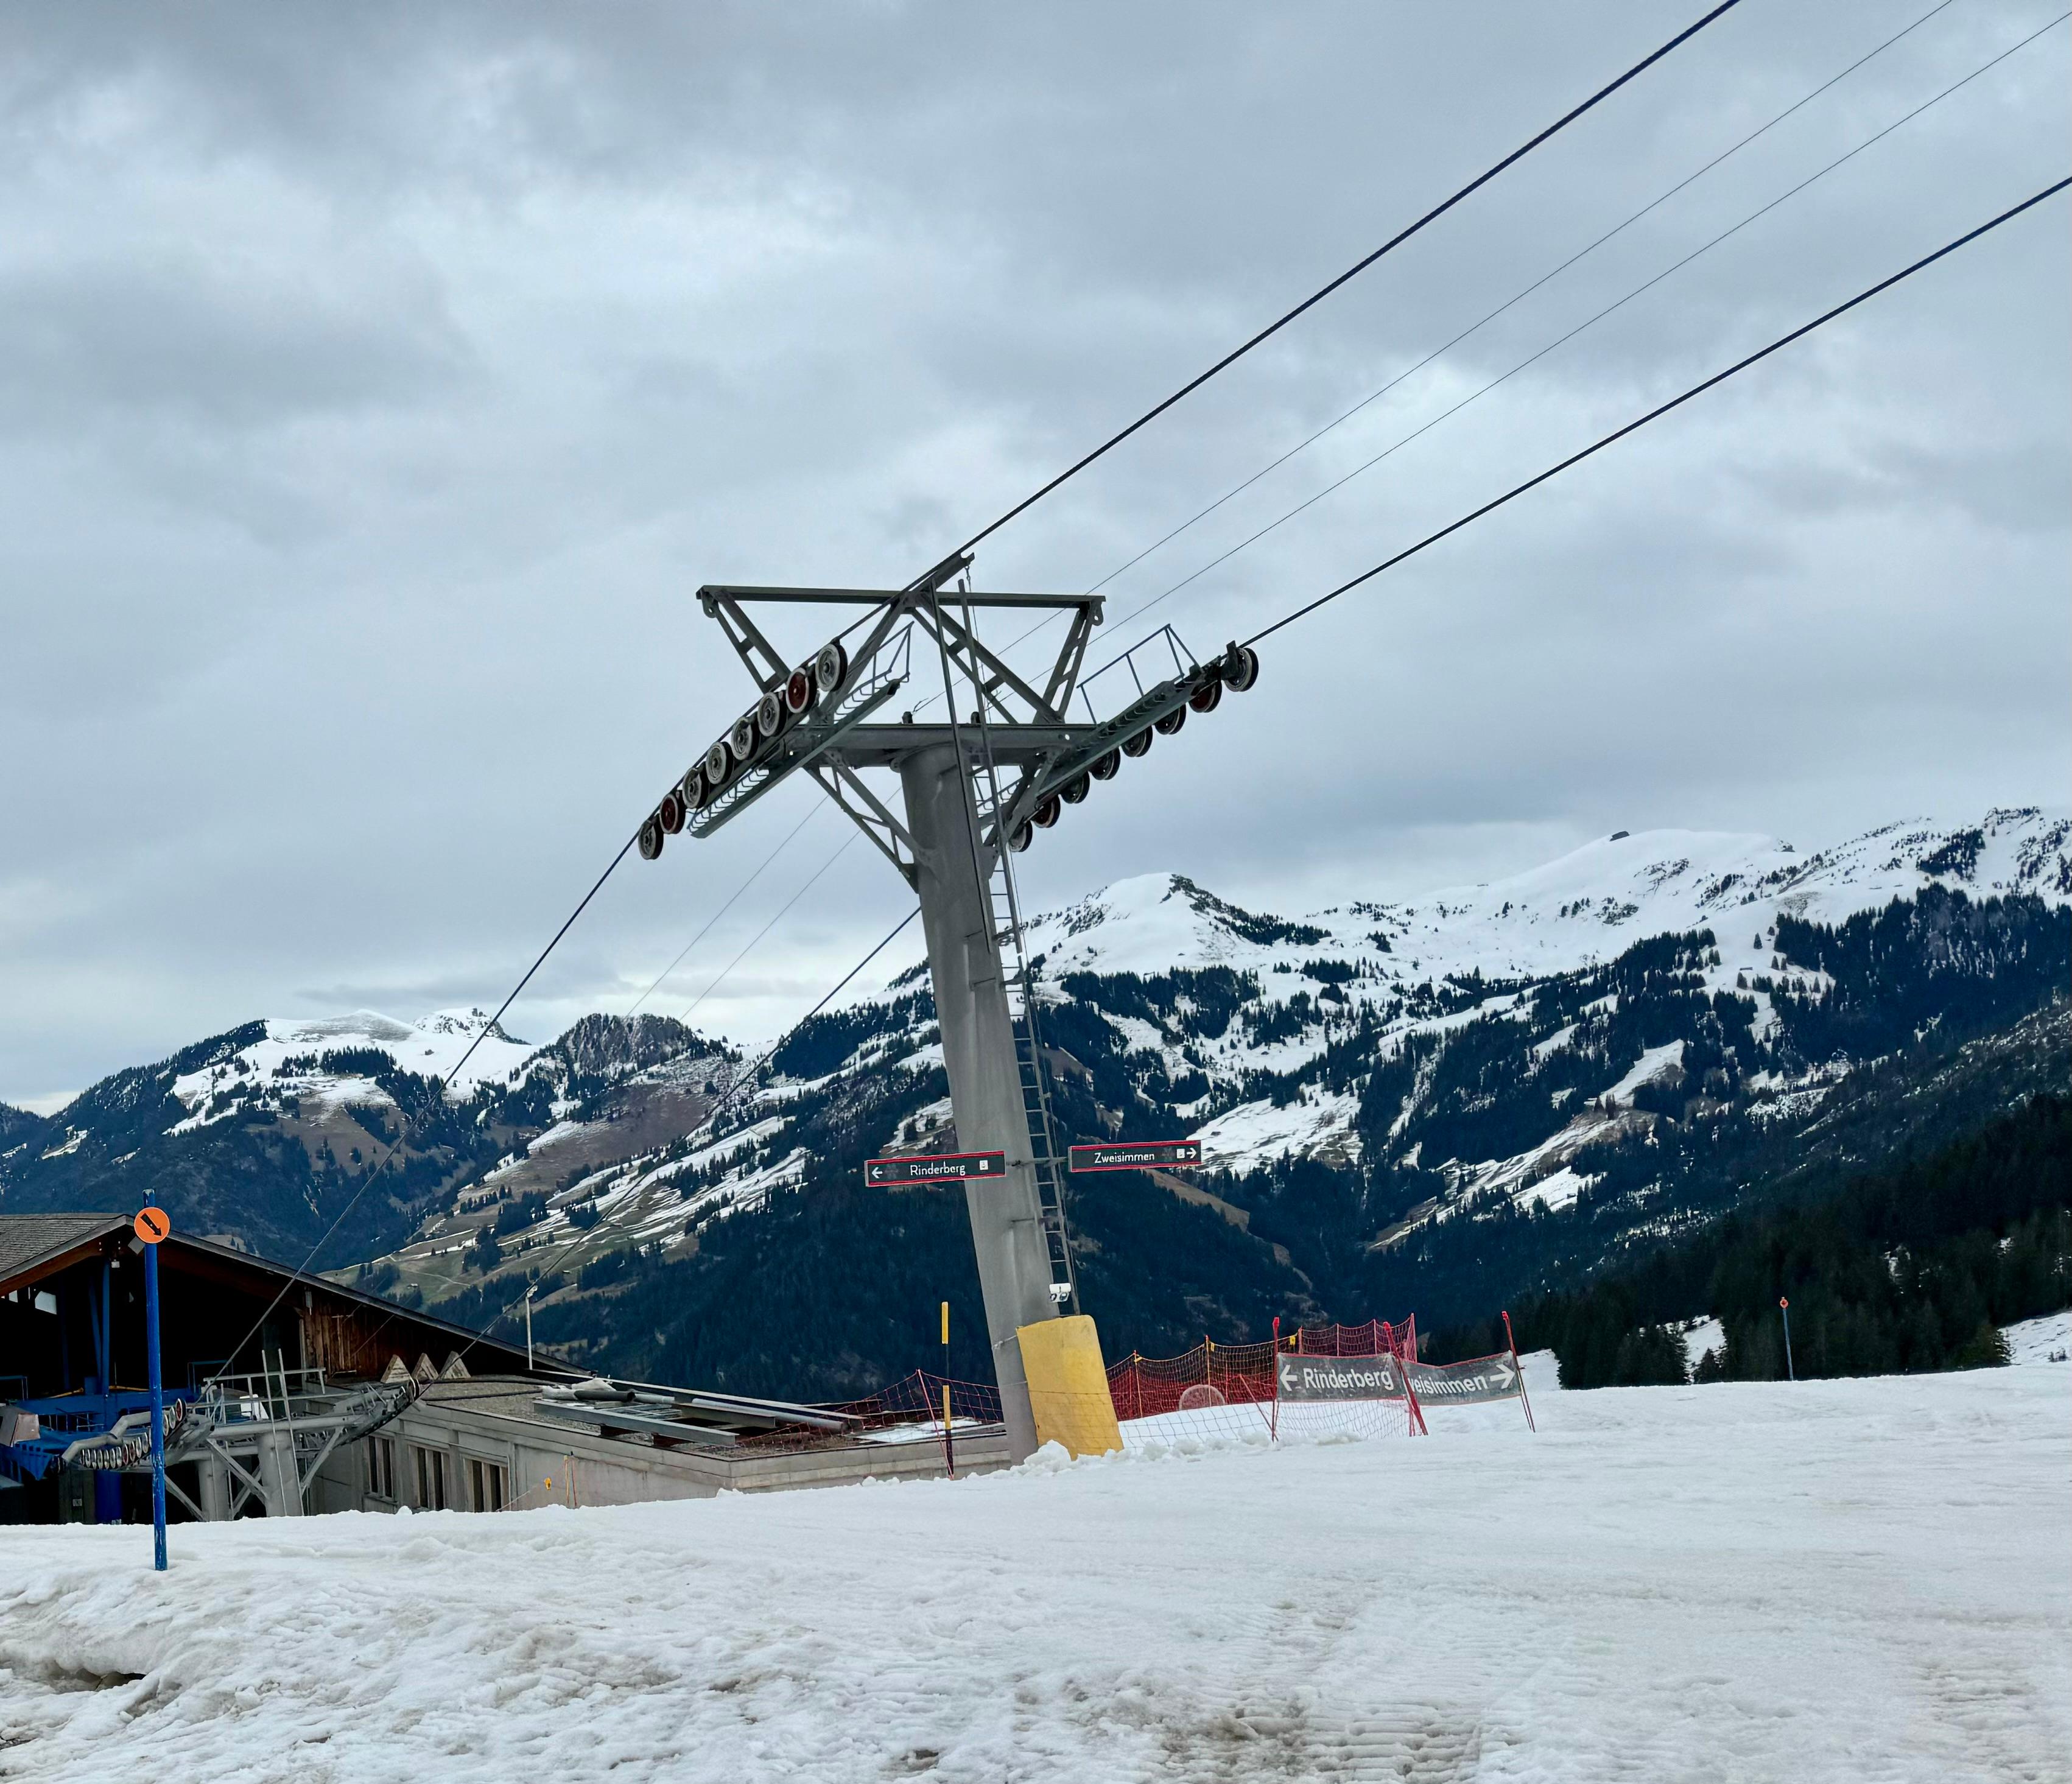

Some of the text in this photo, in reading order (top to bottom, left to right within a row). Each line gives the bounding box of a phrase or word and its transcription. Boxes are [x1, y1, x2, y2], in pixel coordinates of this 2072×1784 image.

[1094, 1151, 1155, 1164] Zweisimmen
[910, 1161, 966, 1176] Rinderberg
[1303, 1368, 1394, 1391] Rinderberg
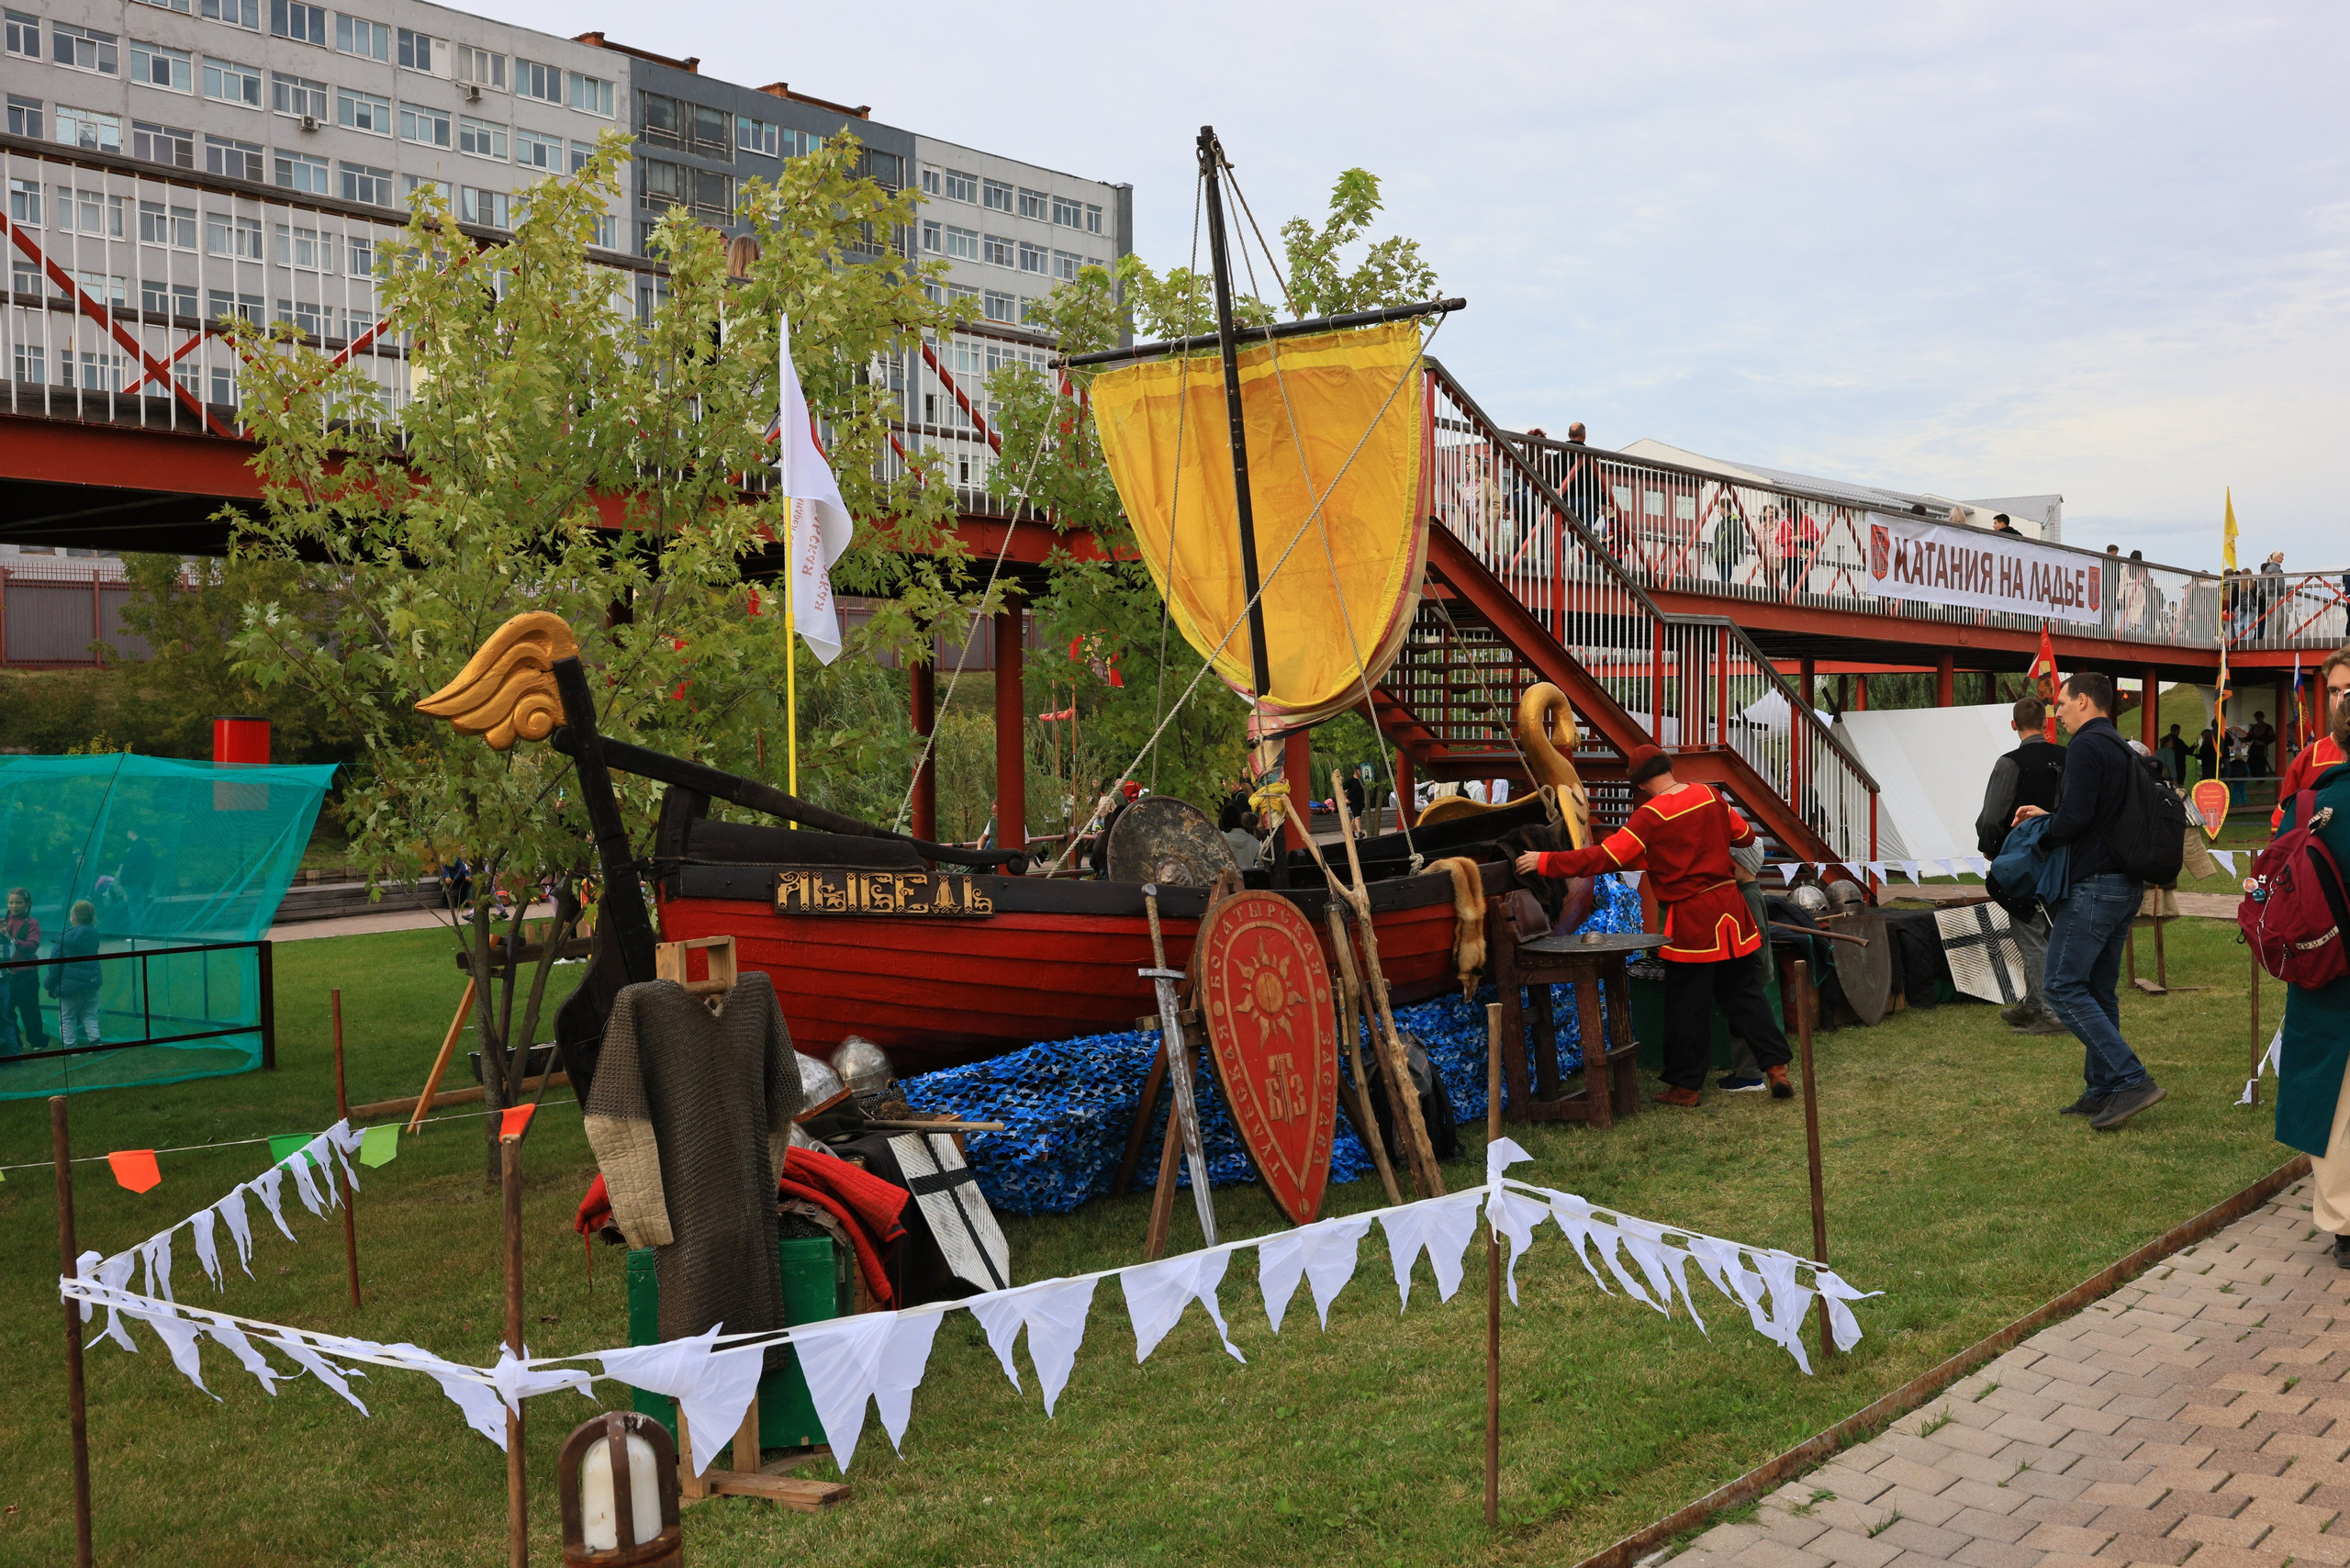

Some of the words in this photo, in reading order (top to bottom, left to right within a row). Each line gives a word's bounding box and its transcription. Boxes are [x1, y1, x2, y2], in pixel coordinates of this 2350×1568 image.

[1894, 537, 1994, 595] КАТАНИЯ
[1999, 554, 2025, 600] НА
[2030, 561, 2085, 613] ЛАДЬЕ
[1210, 902, 1322, 989] БОГАТЫРСКАЯ
[1216, 1025, 1281, 1178] ТУЛЬСКАЯ
[1314, 1030, 1332, 1166] ЗАСТАВА

· · · · · · ·

What to produce: Return exactly the lines of the data, and only those, from the line with "Some of the words" through the last line, inclusive.

Finished exercise:
Some of the words in this photo, in reading order (top to bottom, left to right within a row). Each line gives a word's bounding box and its transcription. Boxes are [x1, y1, x2, y2], in pixel coordinates of this 2350×1568 image.

[1894, 537, 1994, 595] КАТАНИЯ
[1999, 554, 2025, 600] НА
[2030, 561, 2085, 613] ЛАДЬЕ
[1210, 902, 1322, 989] БОГАТЫРСКАЯ
[1216, 1025, 1281, 1178] ТУЛЬСКАЯ
[1314, 1030, 1332, 1166] ЗАСТАВА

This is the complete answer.